EXERCISE GOAL | The response should consist of every line below, restated exactly, with no pictures.

*** Opening of TASK MATERIAL ***

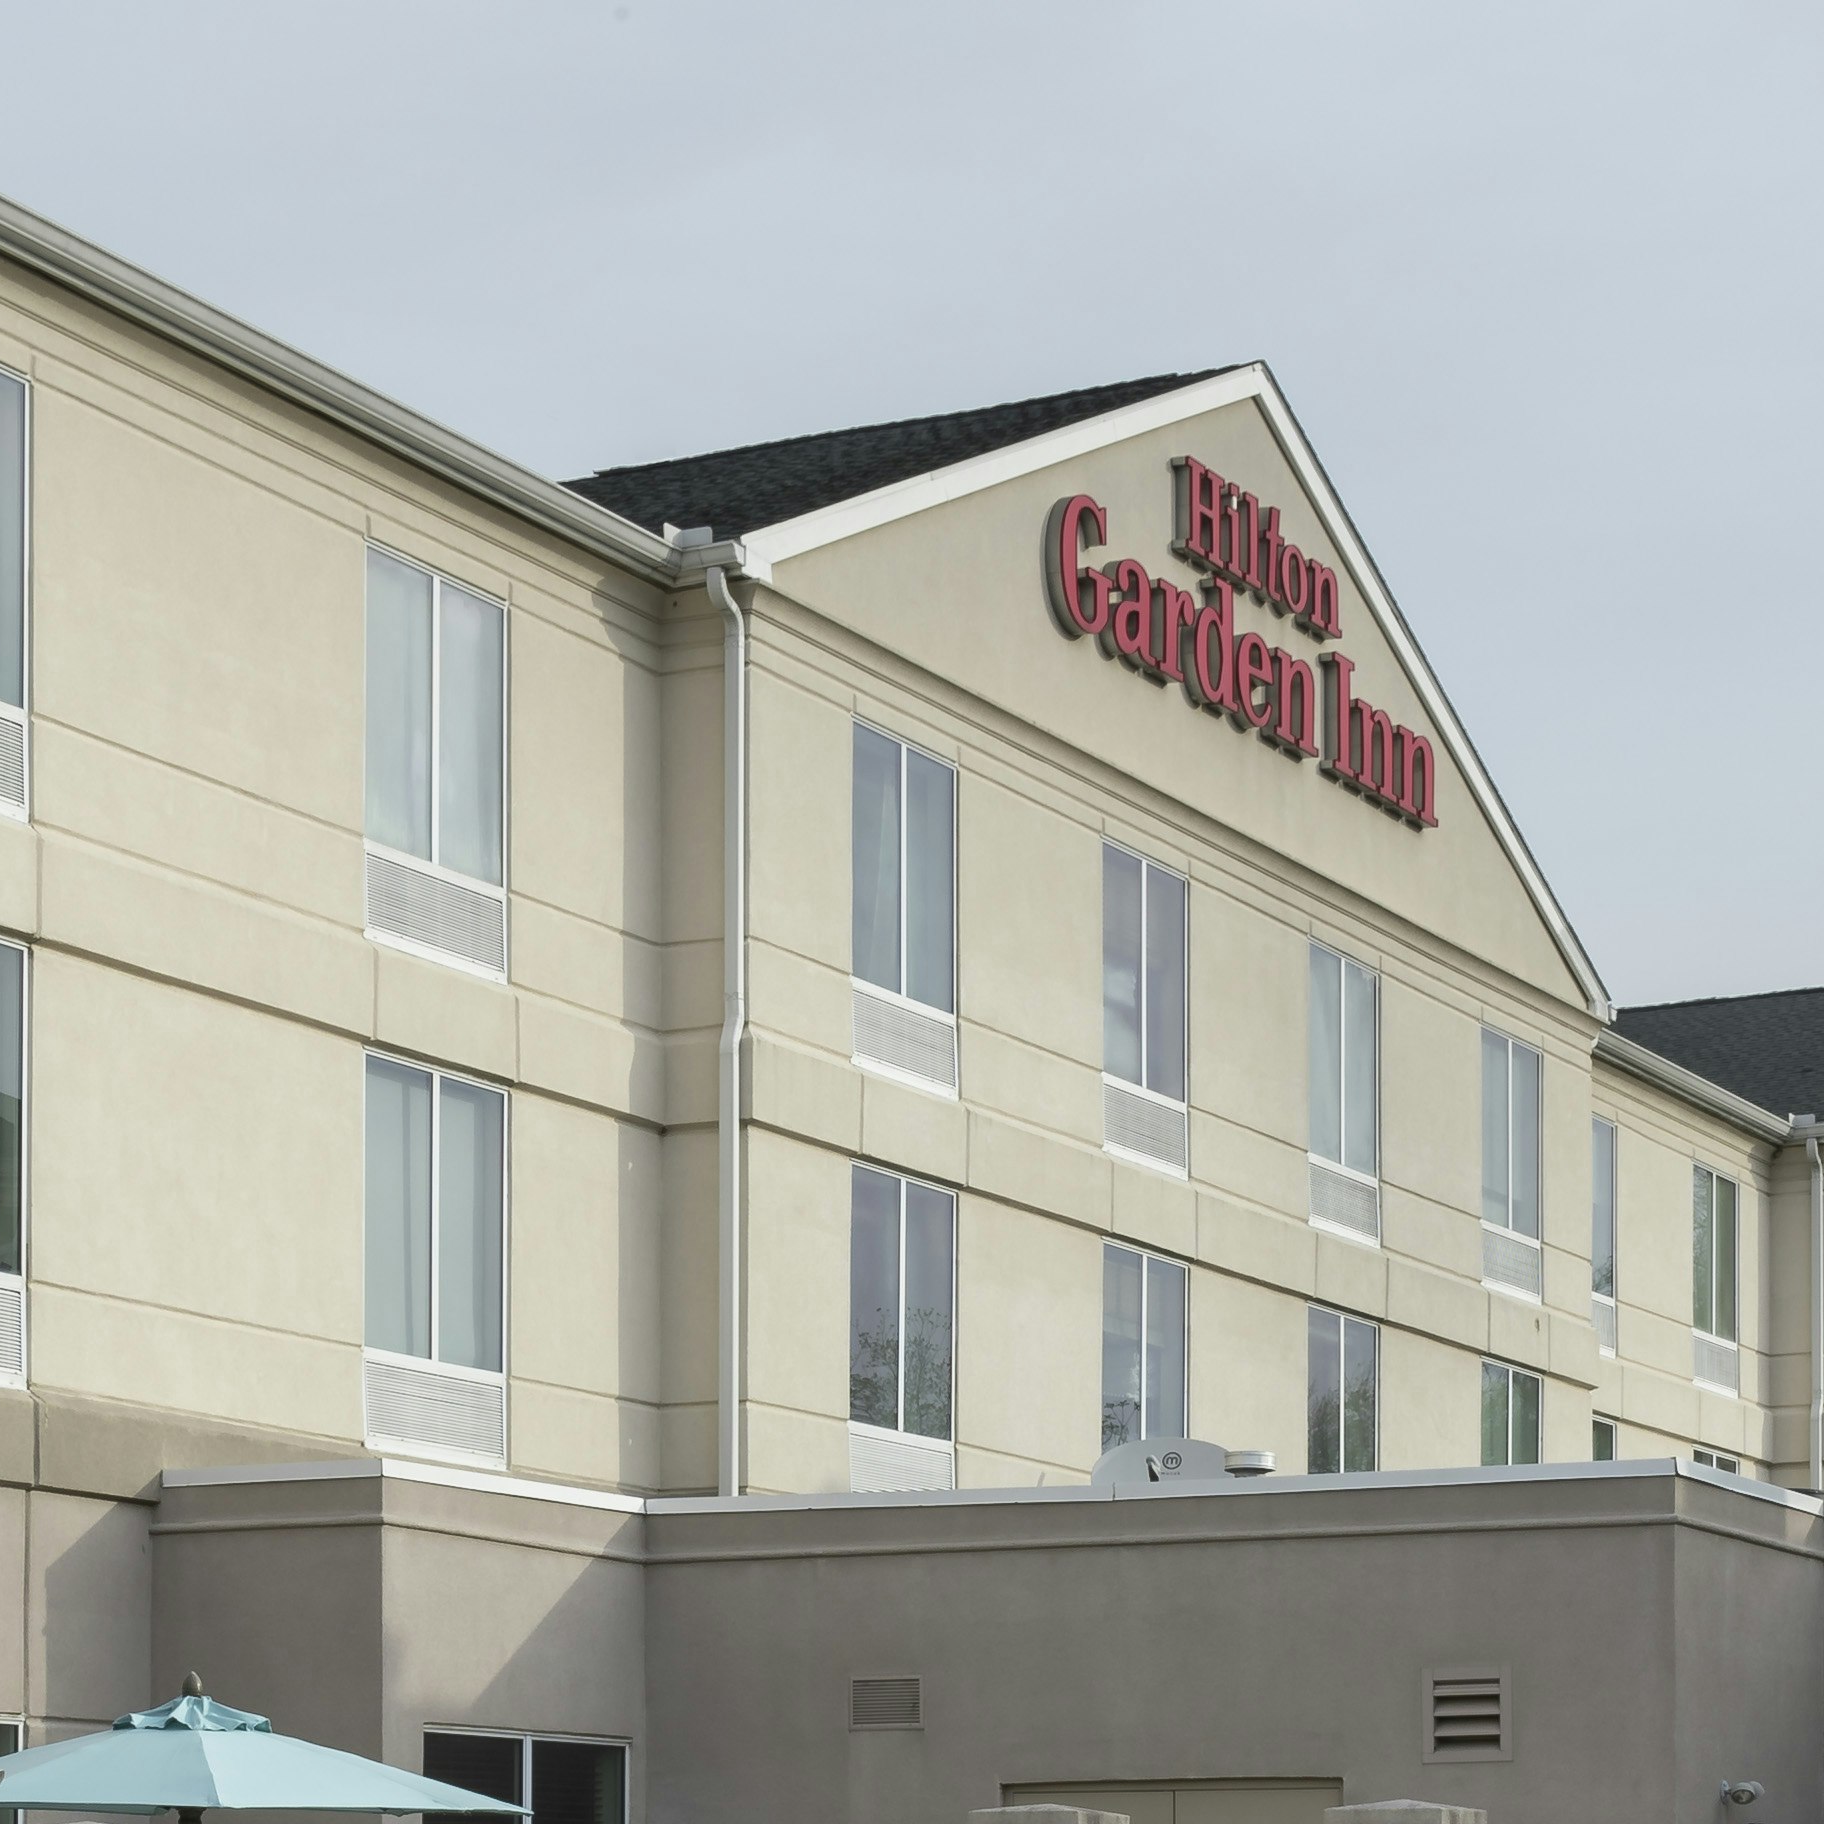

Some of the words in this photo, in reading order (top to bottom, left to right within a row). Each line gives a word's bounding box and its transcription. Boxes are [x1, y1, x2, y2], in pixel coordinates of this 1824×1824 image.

[1056, 495, 1319, 758] Garden
[1331, 651, 1439, 828] Inn
[1182, 455, 1342, 638] Hilton
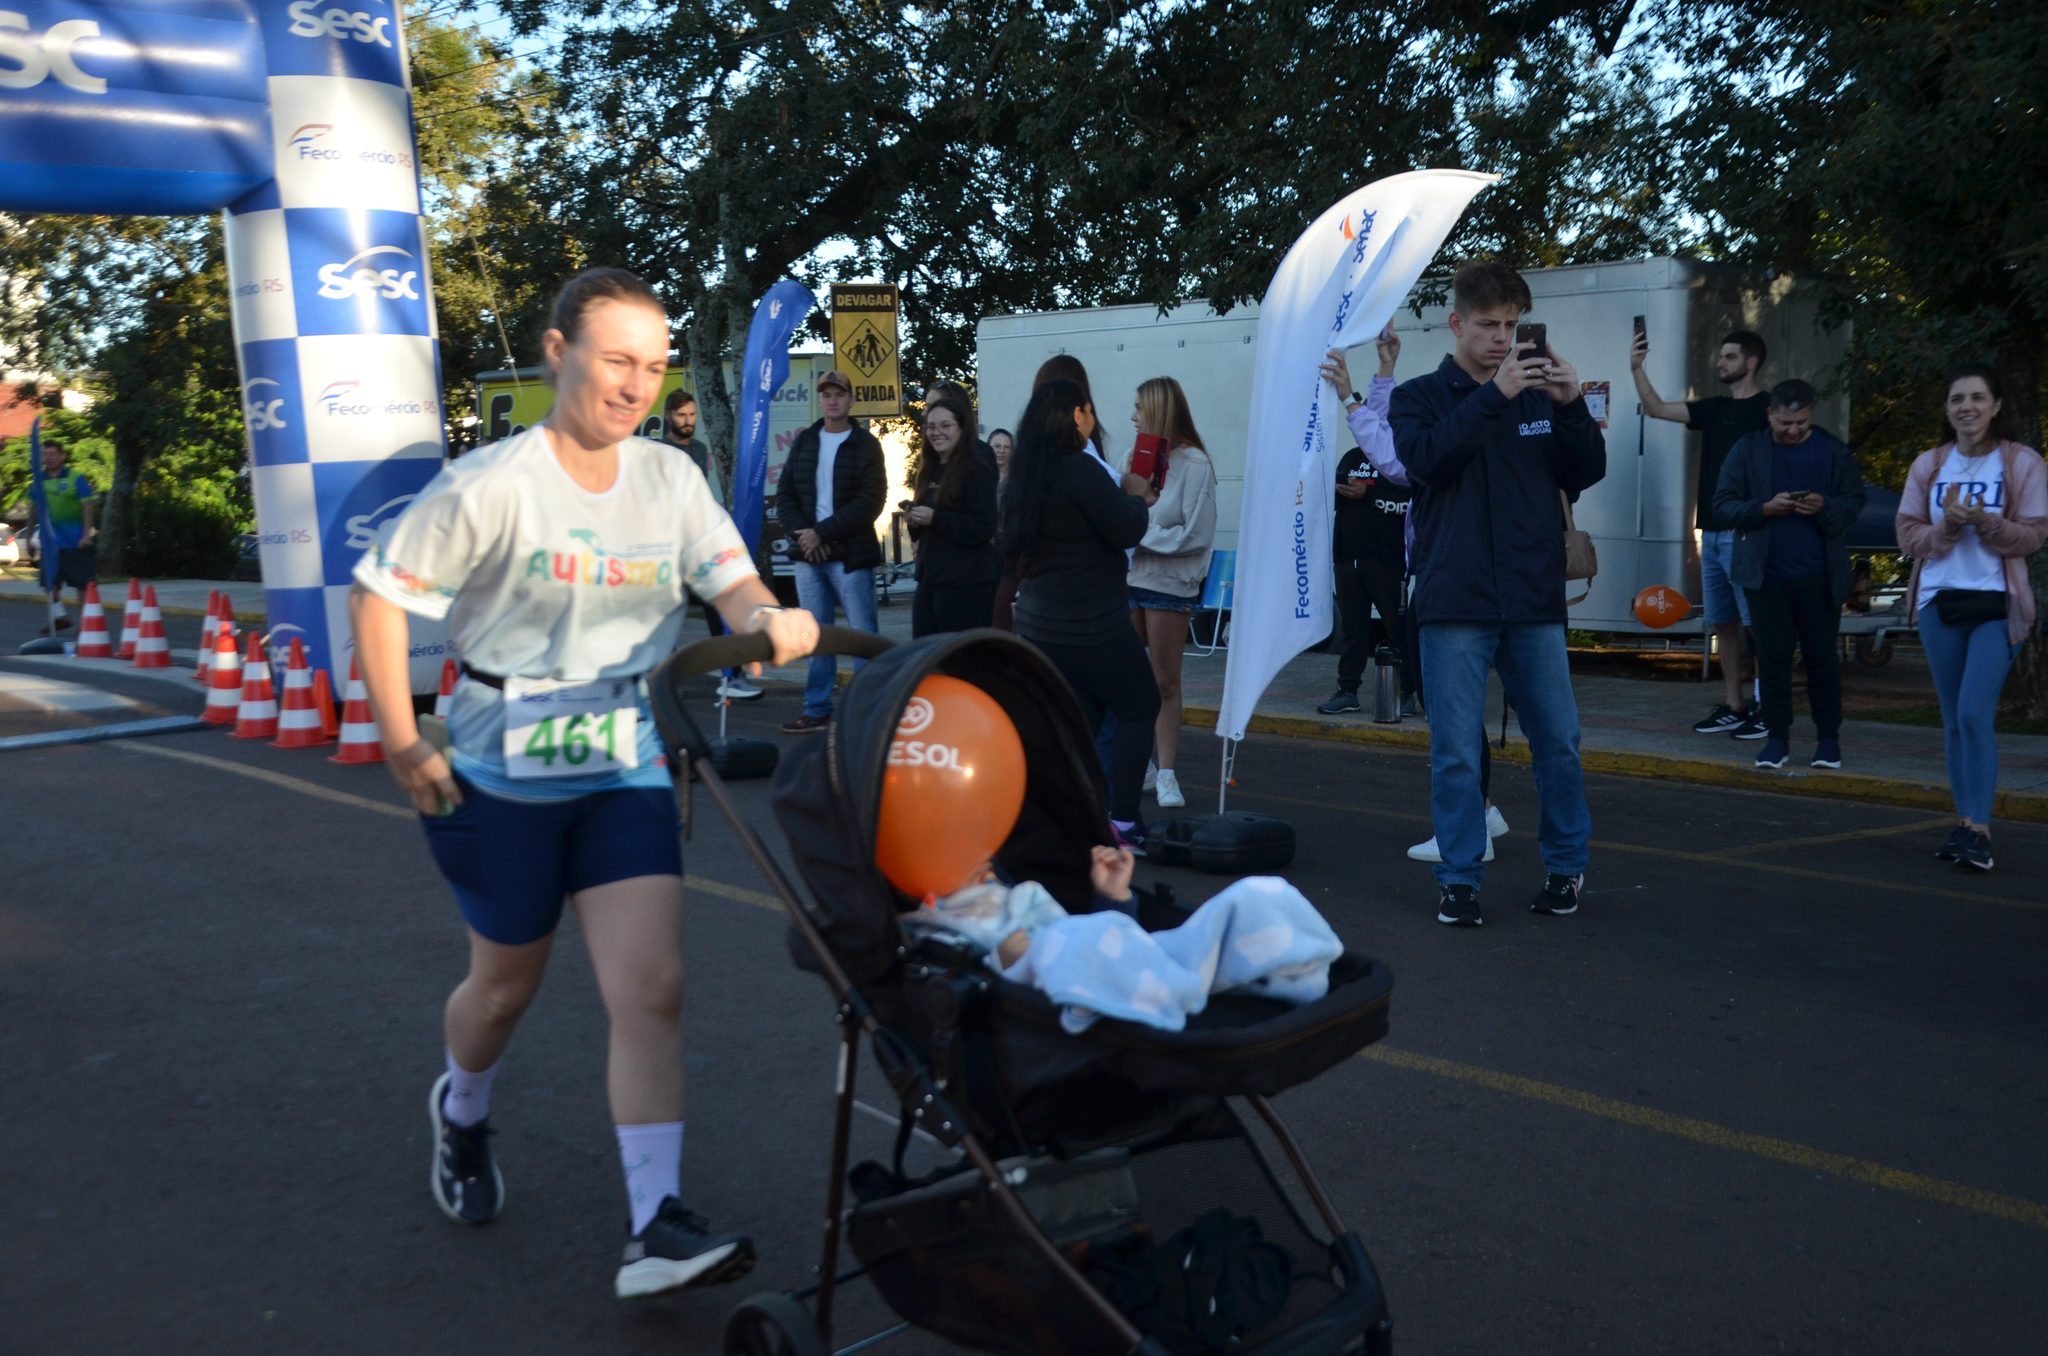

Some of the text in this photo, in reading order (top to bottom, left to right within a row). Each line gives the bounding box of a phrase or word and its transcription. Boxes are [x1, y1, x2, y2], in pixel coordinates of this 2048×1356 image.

*** Close of TASK MATERIAL ***

SOLUTION TO THIS TASK |
Some of the words in this photo, in reading order (top to bottom, left to right within a row). Each line gives a word's bounding box and its transcription. Boxes are [x1, y1, x2, y2], in pixel coordinates of this 1824×1824 image.

[1056, 495, 1319, 758] Garden
[1331, 651, 1439, 828] Inn
[1182, 455, 1342, 638] Hilton

Some of the text in this photo, in reading order (top to bottom, left to right within a row). Each line gives the bounding box of a phrase or word and its transcription. Boxes are [x1, y1, x2, y2], in pixel coordinates of this 2048×1356 image.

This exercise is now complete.